MATERIAL PROVIDED:
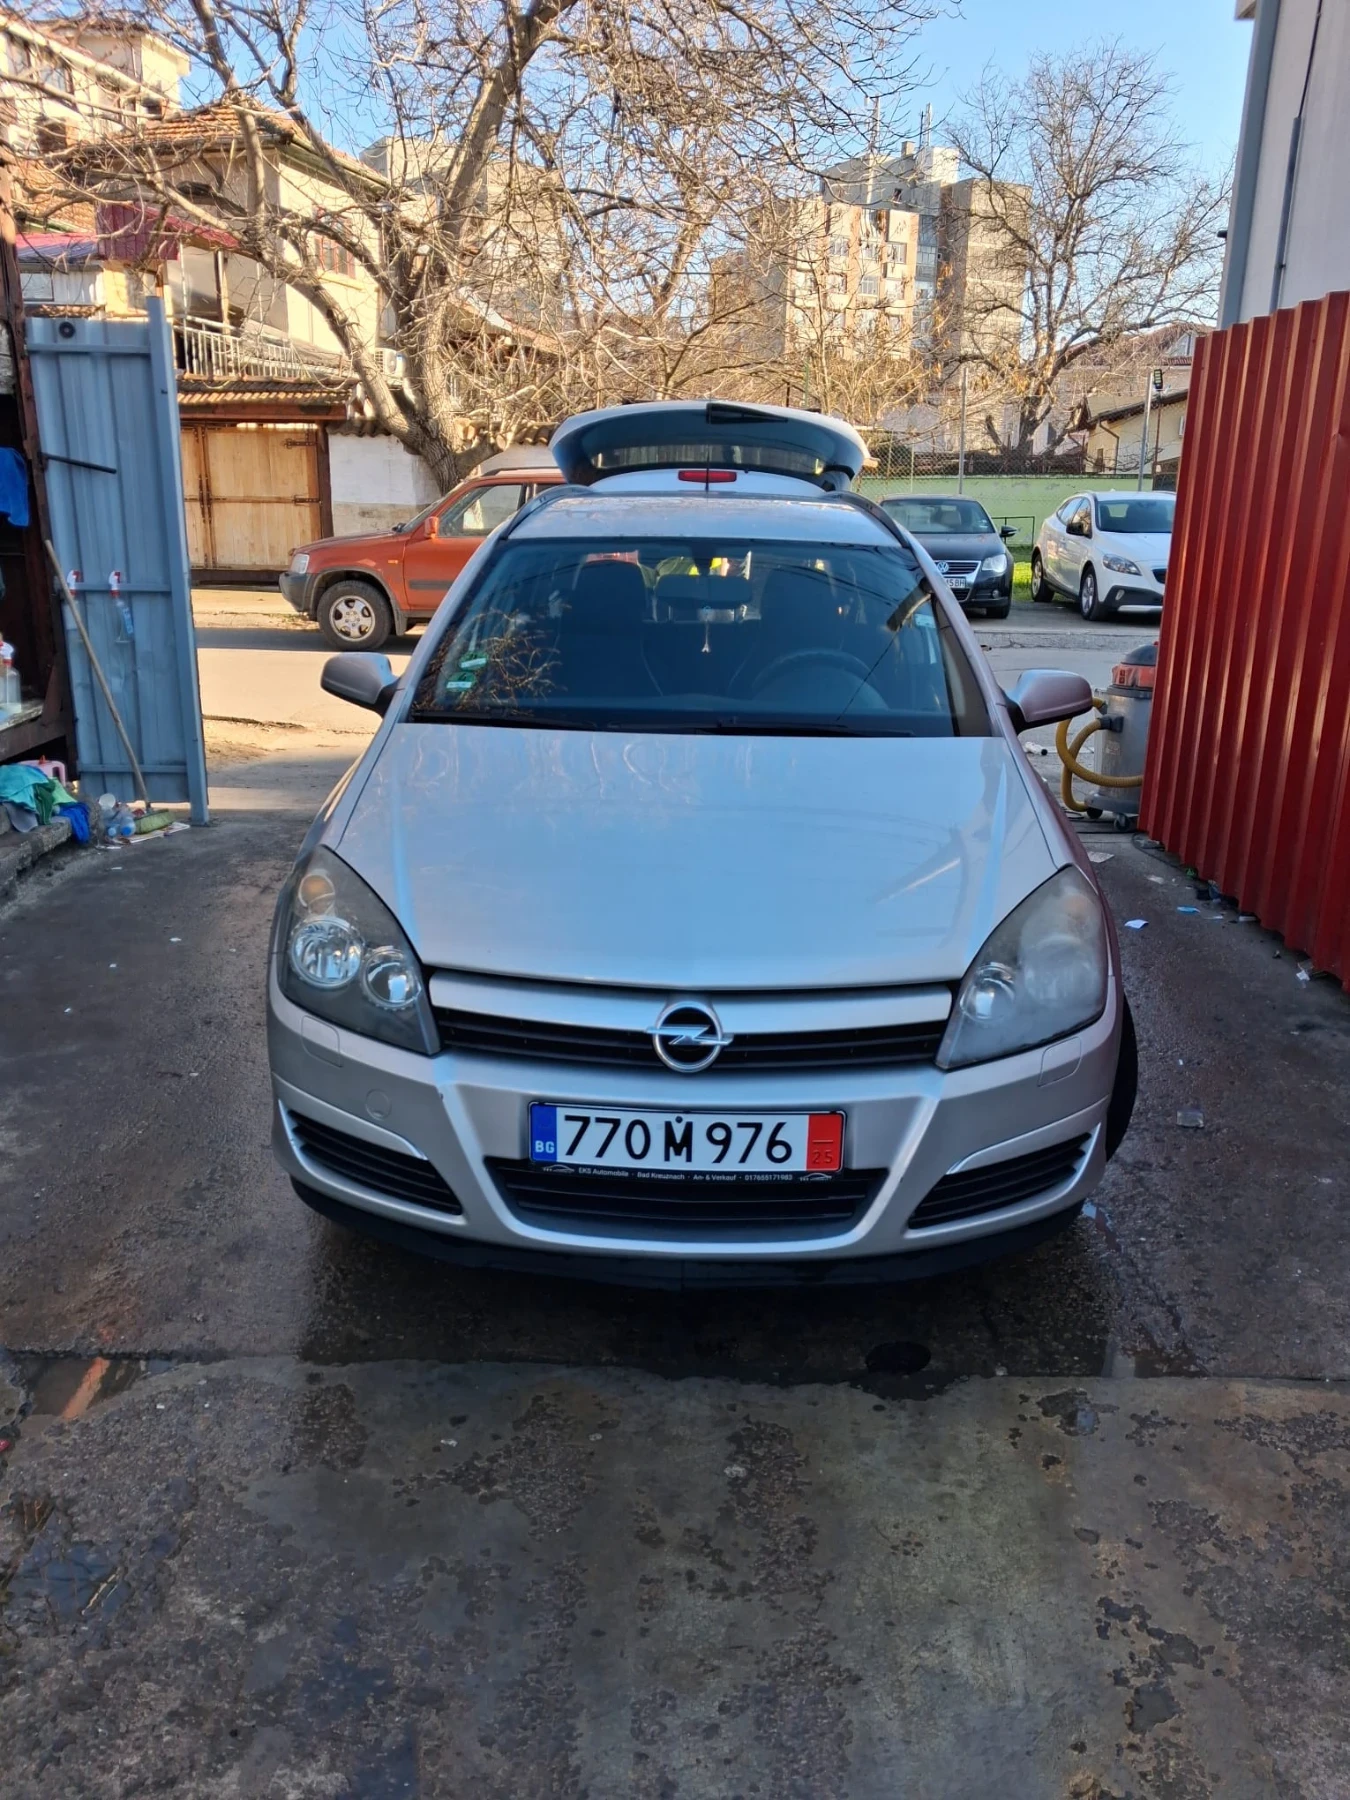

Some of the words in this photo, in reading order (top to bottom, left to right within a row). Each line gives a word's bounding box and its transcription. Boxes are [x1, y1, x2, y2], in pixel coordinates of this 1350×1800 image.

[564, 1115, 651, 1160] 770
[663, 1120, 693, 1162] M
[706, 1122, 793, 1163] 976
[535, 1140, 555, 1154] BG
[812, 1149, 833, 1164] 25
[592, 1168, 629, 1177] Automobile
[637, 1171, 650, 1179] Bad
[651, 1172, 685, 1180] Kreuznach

WHAT IS NEEDED:
Omit every picture, then reproduce the rest of the listing exactly.

SOLUTION TO THE EXERCISE:
Some of the words in this photo, in reading order (top to bottom, left to right within a row). Each line gives a word's bounding box and its transcription. Boxes are [x1, y1, x2, y2], in pixel coordinates of this 1350×1800 image.

[564, 1115, 651, 1160] 770
[663, 1120, 693, 1162] M
[706, 1122, 793, 1163] 976
[535, 1140, 555, 1154] BG
[812, 1149, 833, 1164] 25
[592, 1168, 629, 1177] Automobile
[637, 1171, 650, 1179] Bad
[651, 1172, 685, 1180] Kreuznach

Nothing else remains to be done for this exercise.